(Beginning of Data section)
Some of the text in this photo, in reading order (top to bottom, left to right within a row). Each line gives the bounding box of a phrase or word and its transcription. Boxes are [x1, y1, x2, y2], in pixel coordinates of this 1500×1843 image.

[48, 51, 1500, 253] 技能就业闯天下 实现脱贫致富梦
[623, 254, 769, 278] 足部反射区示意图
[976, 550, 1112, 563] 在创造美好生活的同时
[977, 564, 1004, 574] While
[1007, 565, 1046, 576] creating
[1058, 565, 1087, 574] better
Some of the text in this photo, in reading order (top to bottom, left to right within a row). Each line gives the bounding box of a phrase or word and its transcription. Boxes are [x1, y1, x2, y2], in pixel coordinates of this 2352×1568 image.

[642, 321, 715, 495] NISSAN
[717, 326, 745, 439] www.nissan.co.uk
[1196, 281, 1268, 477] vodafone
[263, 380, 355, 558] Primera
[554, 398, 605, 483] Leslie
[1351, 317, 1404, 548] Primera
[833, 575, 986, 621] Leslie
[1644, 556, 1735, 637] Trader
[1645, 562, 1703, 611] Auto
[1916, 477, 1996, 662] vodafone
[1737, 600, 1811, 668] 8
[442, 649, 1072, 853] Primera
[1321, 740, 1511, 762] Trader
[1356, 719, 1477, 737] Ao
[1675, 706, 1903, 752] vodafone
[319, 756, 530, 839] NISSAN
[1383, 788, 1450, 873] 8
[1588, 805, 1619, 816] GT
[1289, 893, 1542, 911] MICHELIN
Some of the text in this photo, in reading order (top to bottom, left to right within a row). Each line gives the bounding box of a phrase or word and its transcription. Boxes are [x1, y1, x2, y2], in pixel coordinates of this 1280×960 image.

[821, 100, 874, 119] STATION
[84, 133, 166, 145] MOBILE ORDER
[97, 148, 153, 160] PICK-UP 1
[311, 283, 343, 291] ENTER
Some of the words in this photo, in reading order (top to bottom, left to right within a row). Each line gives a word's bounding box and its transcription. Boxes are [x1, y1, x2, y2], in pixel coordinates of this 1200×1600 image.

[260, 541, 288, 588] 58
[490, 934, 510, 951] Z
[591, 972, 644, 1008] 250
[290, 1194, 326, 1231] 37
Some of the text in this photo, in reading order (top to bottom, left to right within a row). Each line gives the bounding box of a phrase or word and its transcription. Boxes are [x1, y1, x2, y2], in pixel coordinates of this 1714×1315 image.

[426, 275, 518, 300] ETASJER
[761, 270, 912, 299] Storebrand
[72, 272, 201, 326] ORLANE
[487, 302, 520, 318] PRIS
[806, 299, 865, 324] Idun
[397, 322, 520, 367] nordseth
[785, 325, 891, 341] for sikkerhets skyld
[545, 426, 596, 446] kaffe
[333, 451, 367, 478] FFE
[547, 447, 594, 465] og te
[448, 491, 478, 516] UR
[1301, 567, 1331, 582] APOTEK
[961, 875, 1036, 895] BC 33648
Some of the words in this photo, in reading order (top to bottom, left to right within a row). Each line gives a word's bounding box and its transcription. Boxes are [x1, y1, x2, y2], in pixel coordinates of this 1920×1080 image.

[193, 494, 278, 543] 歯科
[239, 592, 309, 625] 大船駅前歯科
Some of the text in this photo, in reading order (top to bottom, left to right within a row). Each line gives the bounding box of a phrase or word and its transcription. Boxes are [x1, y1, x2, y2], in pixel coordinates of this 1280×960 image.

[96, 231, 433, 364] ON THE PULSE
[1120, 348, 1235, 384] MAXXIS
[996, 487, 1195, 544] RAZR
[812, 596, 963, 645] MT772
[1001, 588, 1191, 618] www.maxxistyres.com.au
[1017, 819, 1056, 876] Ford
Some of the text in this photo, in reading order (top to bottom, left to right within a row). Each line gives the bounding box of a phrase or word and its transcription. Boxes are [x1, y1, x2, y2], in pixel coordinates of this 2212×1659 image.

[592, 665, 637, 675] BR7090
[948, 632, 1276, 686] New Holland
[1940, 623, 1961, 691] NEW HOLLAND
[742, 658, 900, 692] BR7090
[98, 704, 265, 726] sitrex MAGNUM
(End of Data section)
Exercise requirements
Your answer should be the lines from the one that contains "this 2212×1659 image." through the last line of the material, copied exactly.

Output for this task
Some of the text in this photo, in reading order (top to bottom, left to right within a row). Each line gives the bounding box of a phrase or word and its transcription. Boxes are [x1, y1, x2, y2], in pixel coordinates of this 2212×1659 image.

[592, 665, 637, 675] BR7090
[948, 632, 1276, 686] New Holland
[1940, 623, 1961, 691] NEW HOLLAND
[742, 658, 900, 692] BR7090
[98, 704, 265, 726] sitrex MAGNUM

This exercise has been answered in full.